§ **YOUR OBJECTIVE**: Exact copy, pictures excluded: reproduce every record below.

Recorded data:
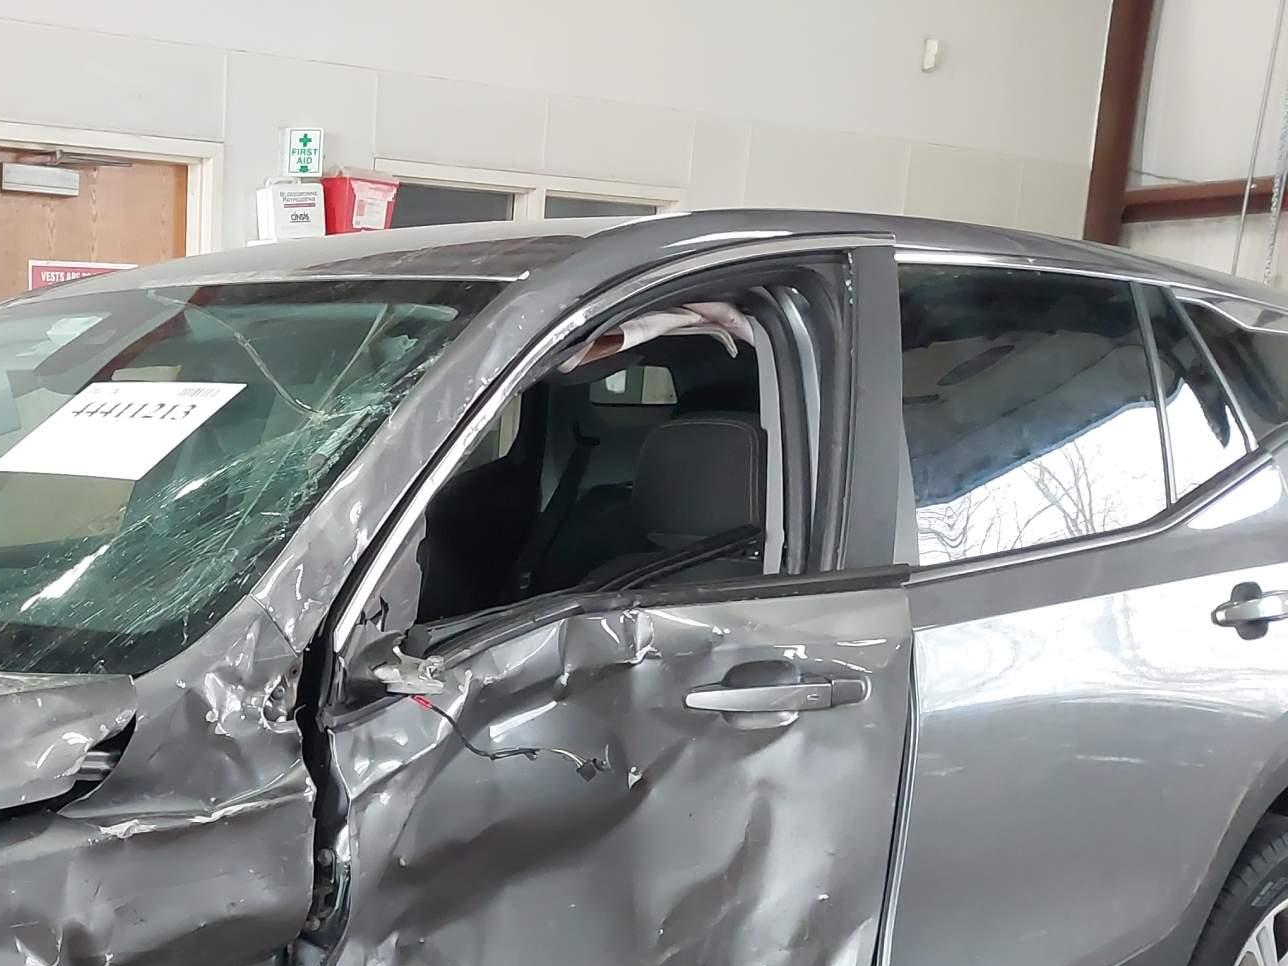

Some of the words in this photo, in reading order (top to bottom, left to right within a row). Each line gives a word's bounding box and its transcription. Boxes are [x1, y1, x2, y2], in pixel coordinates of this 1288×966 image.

[292, 148, 318, 156] FIRST
[296, 156, 313, 165] AID
[41, 271, 65, 282] VESTS
[71, 401, 198, 421] 44411213
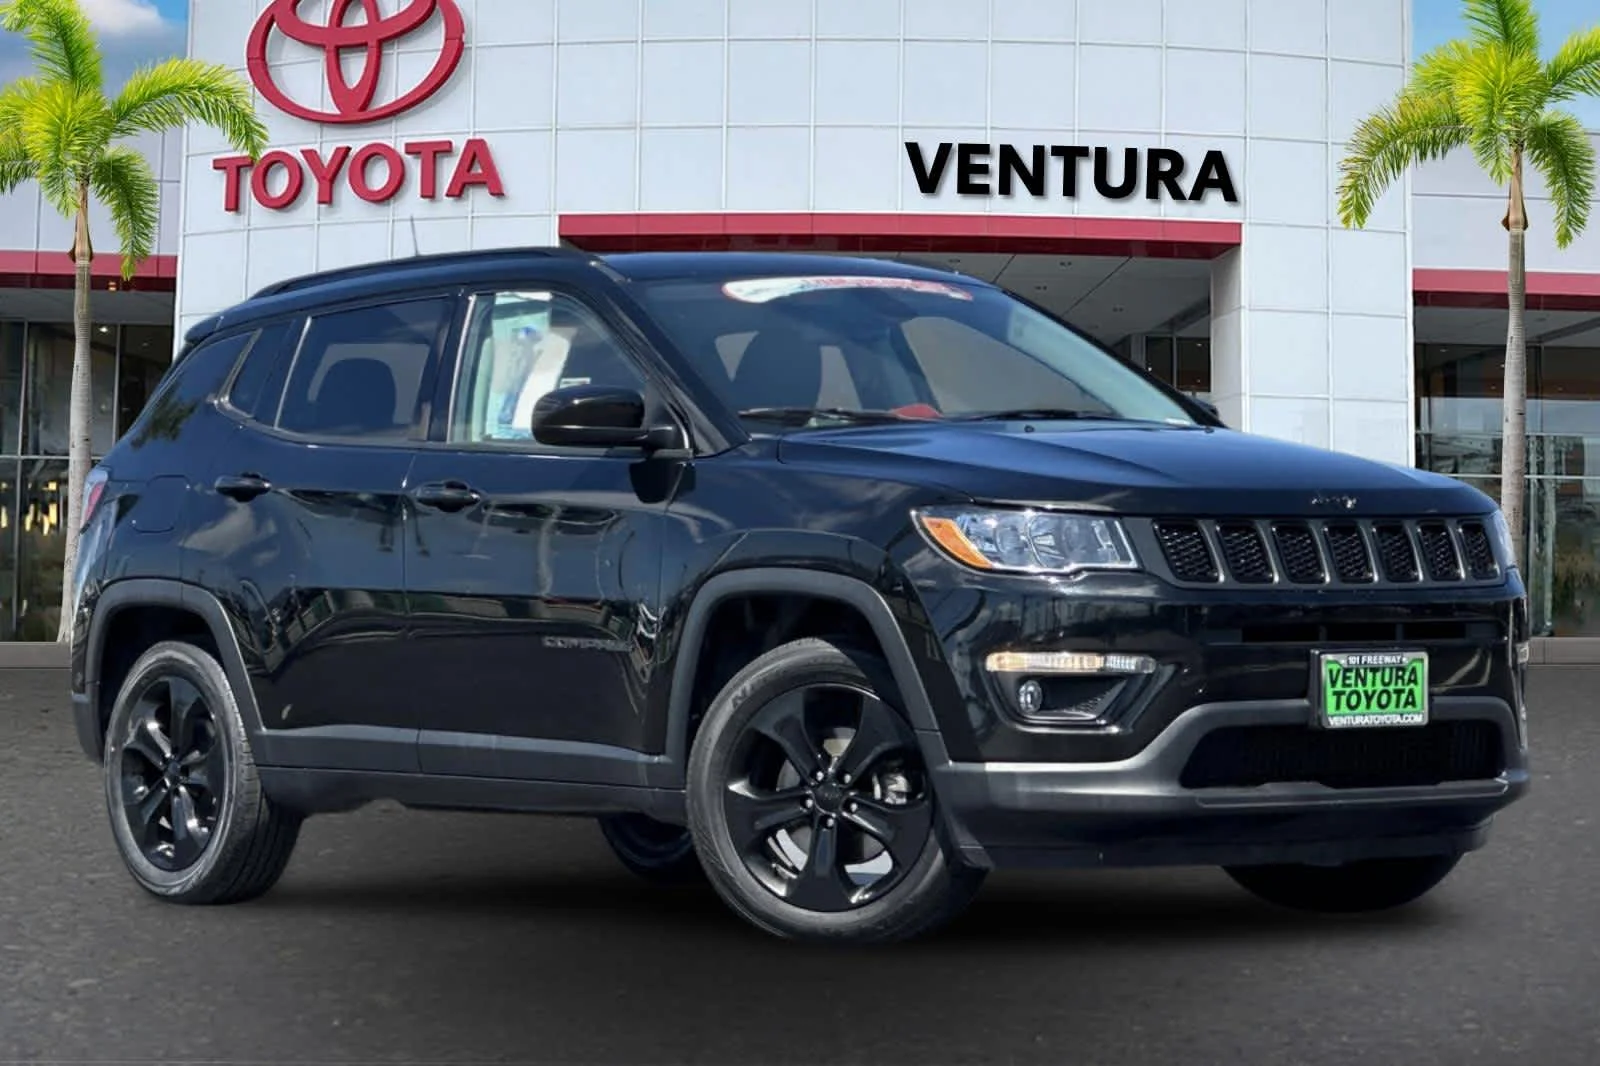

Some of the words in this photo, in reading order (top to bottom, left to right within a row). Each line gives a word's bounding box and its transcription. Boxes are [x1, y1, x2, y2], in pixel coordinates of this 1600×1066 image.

[213, 138, 505, 212] TOYOTA
[904, 142, 1238, 202] VENTURA
[1348, 655, 1360, 664] 101
[1361, 655, 1401, 664] FREEWAY
[1328, 666, 1418, 688] VENTURA
[1332, 688, 1416, 711] TOYOTA
[1328, 714, 1422, 725] VENTURATOYOTA.COM

§ **ANSWER TO THE EXERCISE**:
Some of the words in this photo, in reading order (top to bottom, left to right within a row). Each line gives a word's bounding box and its transcription. Boxes are [x1, y1, x2, y2], in pixel coordinates of this 1288×966 image.

[292, 148, 318, 156] FIRST
[296, 156, 313, 165] AID
[41, 271, 65, 282] VESTS
[71, 401, 198, 421] 44411213

Some of the words in this photo, in reading order (top to bottom, left to right within a row). Each line gives a word's bounding box and its transcription. Boxes are [x1, y1, x2, y2], in pixel coordinates of this 1600×1066 image.

[213, 138, 505, 212] TOYOTA
[904, 142, 1238, 202] VENTURA
[1348, 655, 1360, 664] 101
[1361, 655, 1401, 664] FREEWAY
[1328, 666, 1418, 688] VENTURA
[1332, 688, 1416, 711] TOYOTA
[1328, 714, 1422, 725] VENTURATOYOTA.COM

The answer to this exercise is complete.